I looked at my shaking hands, then at Jaime. He stood a few yards away, giving us space, but his eyes never left mine. There was concern there, and something else—a determination that made my heart beat faster.

“I’m sorry,” I said to Charlotte. “I don’t have a choice anymore.”

I called 911, waited until the ambulance’s red lights appeared at the entrance to the parking lot, then walked away with Jaime. The weight of my real-world problems grew heavier with each step—Charlotte’s medical bills would be my fault too, another debt I couldn’t pay.

*

Two days later, Charlie brought me to the roof of the abandoned gas station, the air crackling with the static of an approaching storm. Dark clouds rolled overhead, occasionally split by lightning that illuminated the decaying town below.

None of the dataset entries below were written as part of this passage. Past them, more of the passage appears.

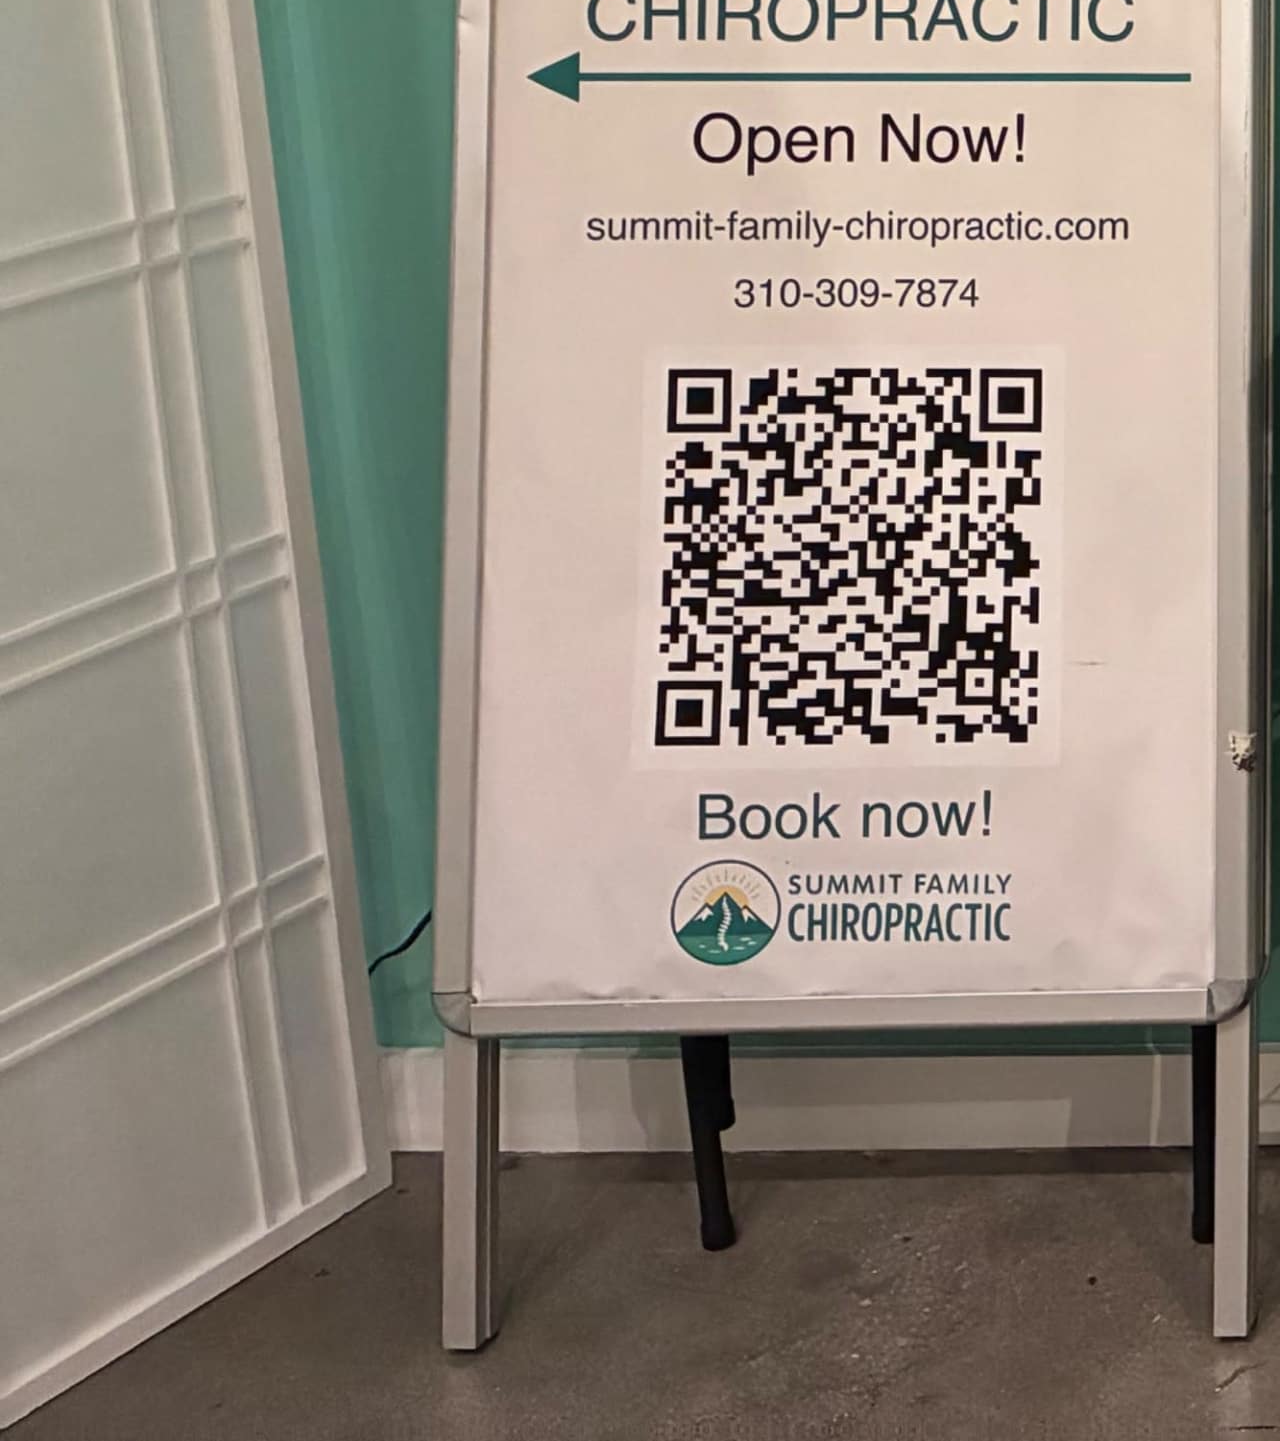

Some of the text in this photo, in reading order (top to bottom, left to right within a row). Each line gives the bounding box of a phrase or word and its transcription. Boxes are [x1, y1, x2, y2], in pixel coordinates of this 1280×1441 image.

[692, 112, 1026, 177] Open Now!
[586, 210, 1130, 248] summit-family-chiropractic.com
[734, 278, 980, 309] 310-309-7874
[698, 789, 993, 841] Book now!
[788, 873, 1012, 895] SUMMIT FAMILY
[788, 903, 1012, 942] CHIROPRACTIC
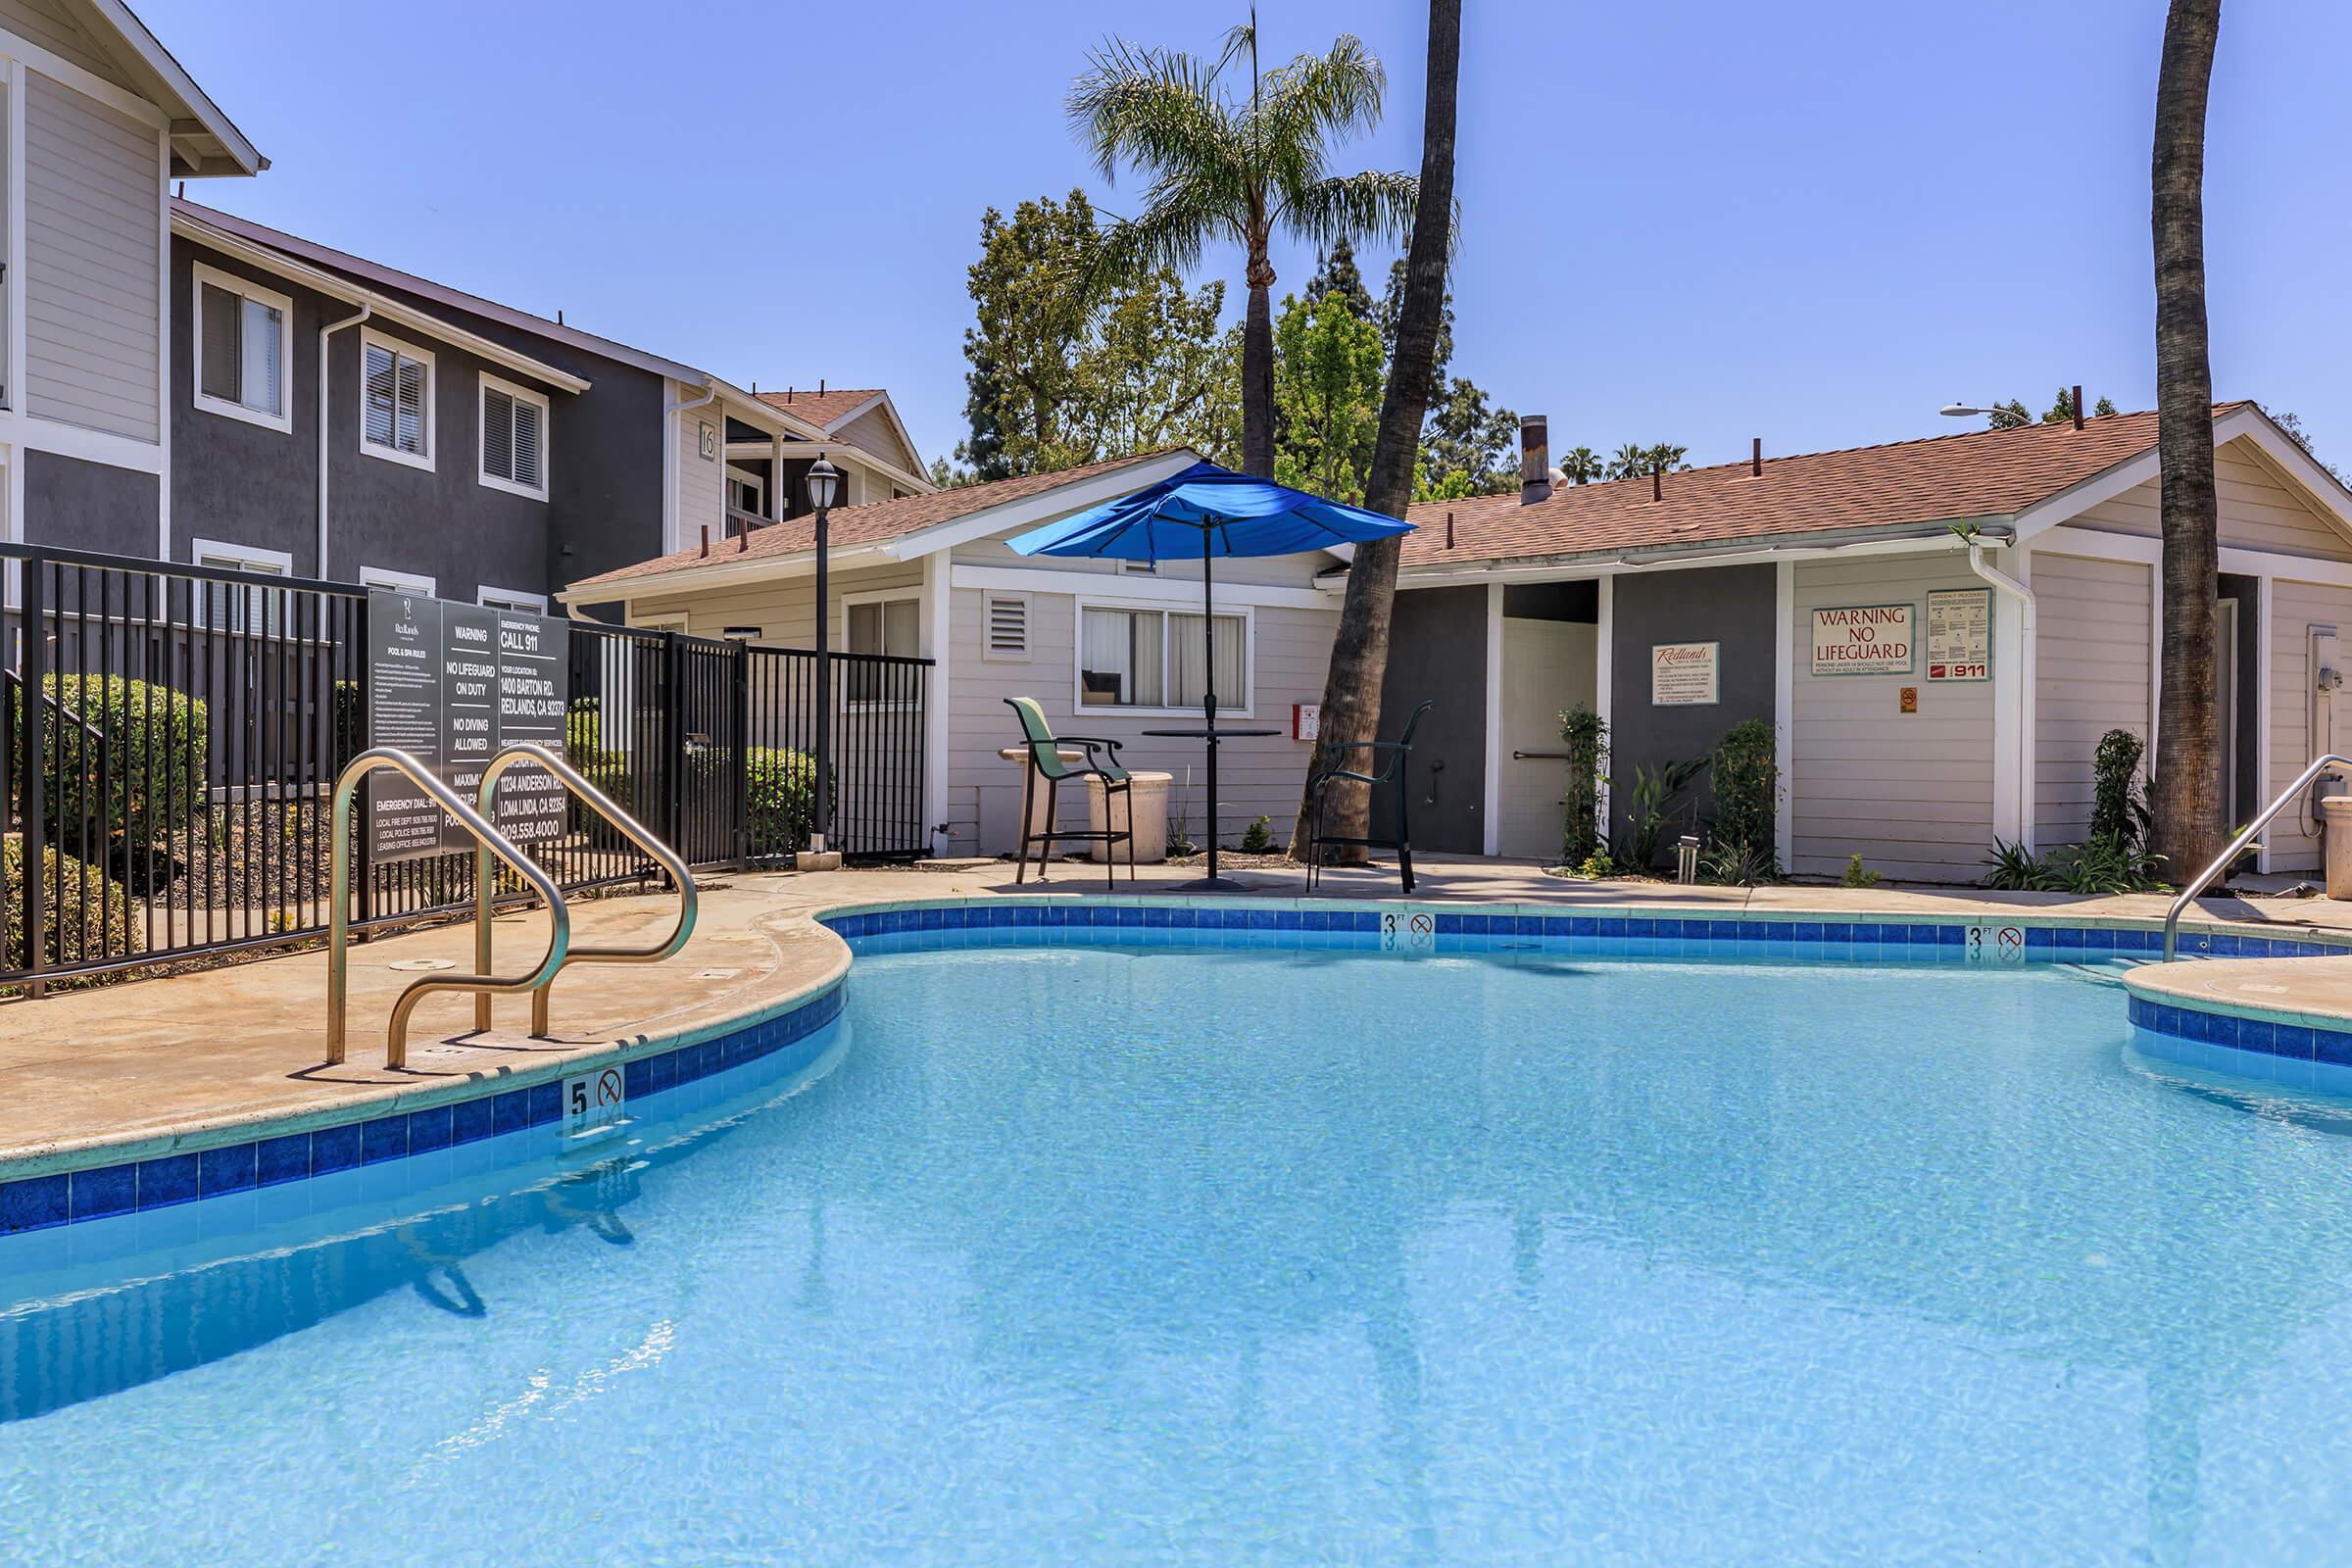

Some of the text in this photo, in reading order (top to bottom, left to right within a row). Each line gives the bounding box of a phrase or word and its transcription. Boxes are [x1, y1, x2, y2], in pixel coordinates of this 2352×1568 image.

The roof was covered in black tar that softened in the summer heat, making each footstep slightly sticky.

“The Thunder Palm is a focused disc of pressure,” Charlie explained, demonstrating the technique with his one hand. “Not electricity—pressure. You compress air between your palms and release it directionally.” He nodded toward an empty bottle he‘d placed on the roof’s edge. “Hit that.”

I positioned myself as he’d shown me, feeling the tingling in my palms intensify with the storm’s proximity. I clapped my hands together, trying to focus the energy.

Nothing happened.

“Again,” Charlie said, his voice betraying no emotion.

I tried again. And again. Each failure made me more frustrated, the static in my hands building painfully with nowhere to go.

“Your bloodline is storm-hearing,” Charlie said. “You can’t just hear storms. You can speak to them. But you’re holding back.”

“I’m not,” I insisted, sweat beading on my forehead despite the cool air.

“You are.” He stepped closer, his weathered face hard. “Your inner demon is blocking you.”

“My what?”

“The psychological wound that manifests during cultivation. Yours is already strong—I can see it.”

As if summoned by his words, I felt something shift inside my mind—a barrier, solid and immovable. The Locked Door. Behind it, I stored every memory of being unwanted—my mother’s silence at the dinner table when I spoke, my father’s hand on my brother’s shoulder while I stood invisible, the boyfriend’s grip on my wrist as he said “you owe me.”

“Everyone has them,” Charlie continued. “To advance past Stage Three, you must confront it. Not defeat it—integrate it.”

I tried again, the pressure building in my skull as I pushed against the Locked Door. It didn’t budge.

“Suffering is the only honest path,” Charlie said, his voice hard. “Push through pain. It won’t kill you unless you let it.”

I took his words too literally, forcing the technique until blood trickled from my nose and my vision doubled. The static in my hands built to an unbearable level, burning like I’d grabbed live wires.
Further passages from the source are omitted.